Give all of the data again exactly as written, omitting every image.

---------- Information given

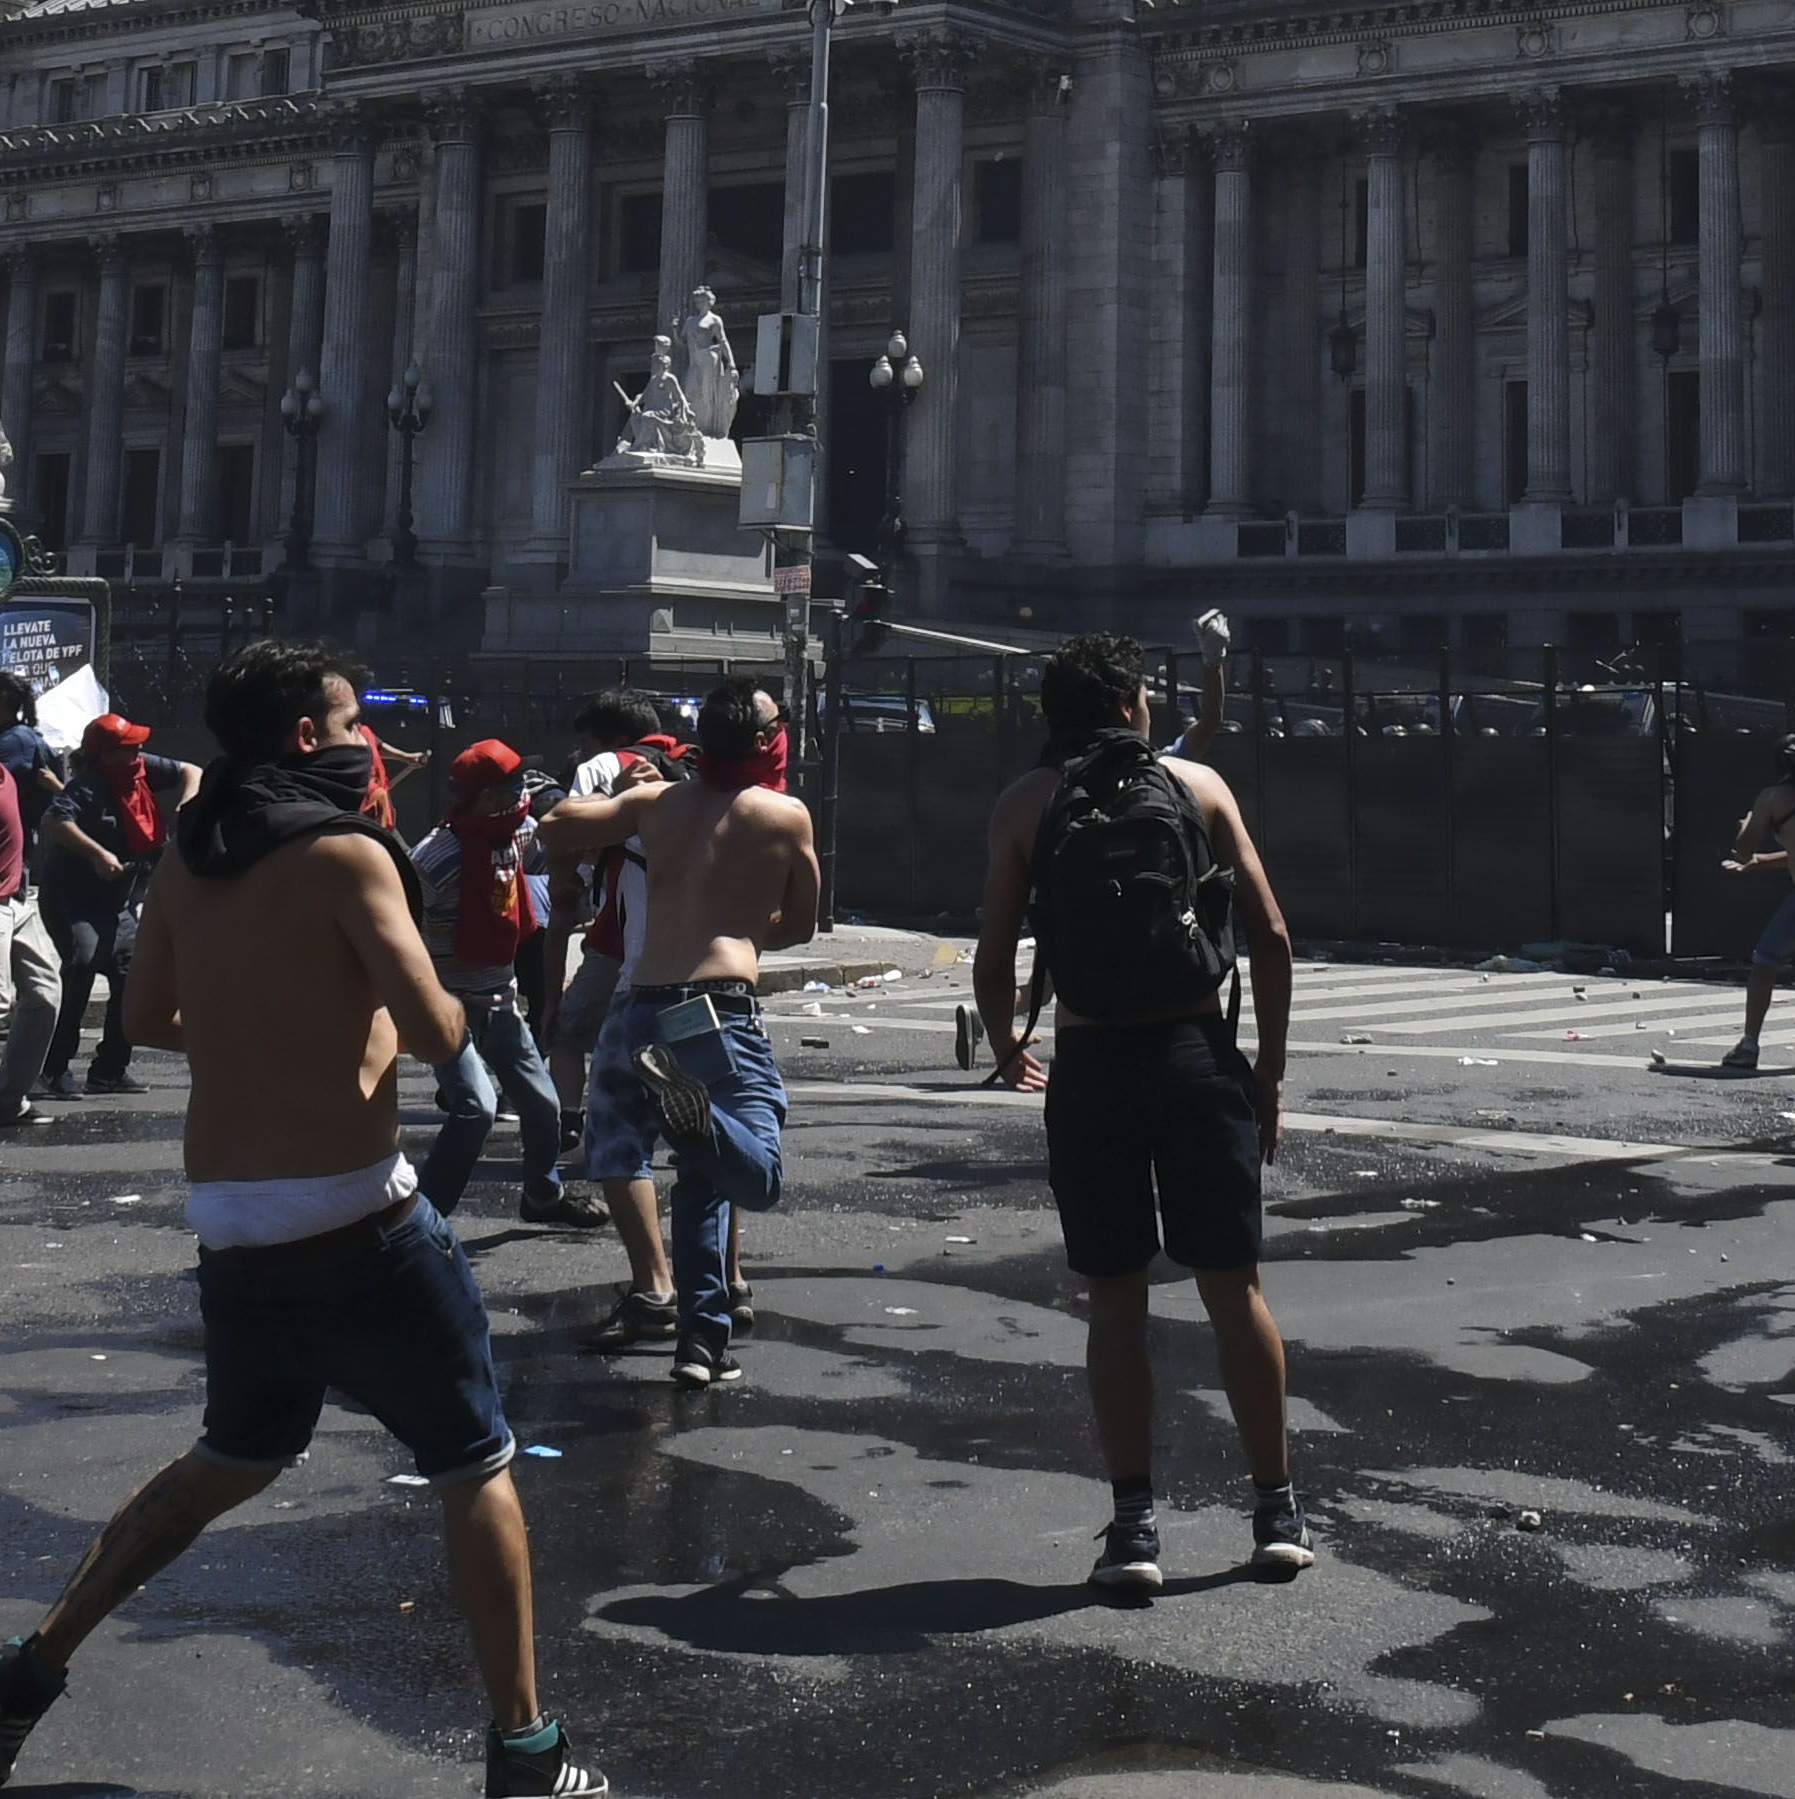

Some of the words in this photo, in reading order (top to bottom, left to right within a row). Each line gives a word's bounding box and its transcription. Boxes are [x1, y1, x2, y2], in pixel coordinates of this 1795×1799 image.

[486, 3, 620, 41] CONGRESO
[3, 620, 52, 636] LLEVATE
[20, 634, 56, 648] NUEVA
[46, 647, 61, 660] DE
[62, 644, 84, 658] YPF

--------------------

- [Answer for the task]:
Some of the words in this photo, in reading order (top to bottom, left to right within a row). Each line gives a word's bounding box and its transcription. Boxes are [x1, y1, x2, y2], in pixel coordinates of this 1795×1799 image.

[486, 3, 620, 41] CONGRESO
[3, 620, 52, 636] LLEVATE
[20, 634, 56, 648] NUEVA
[46, 647, 61, 660] DE
[62, 644, 84, 658] YPF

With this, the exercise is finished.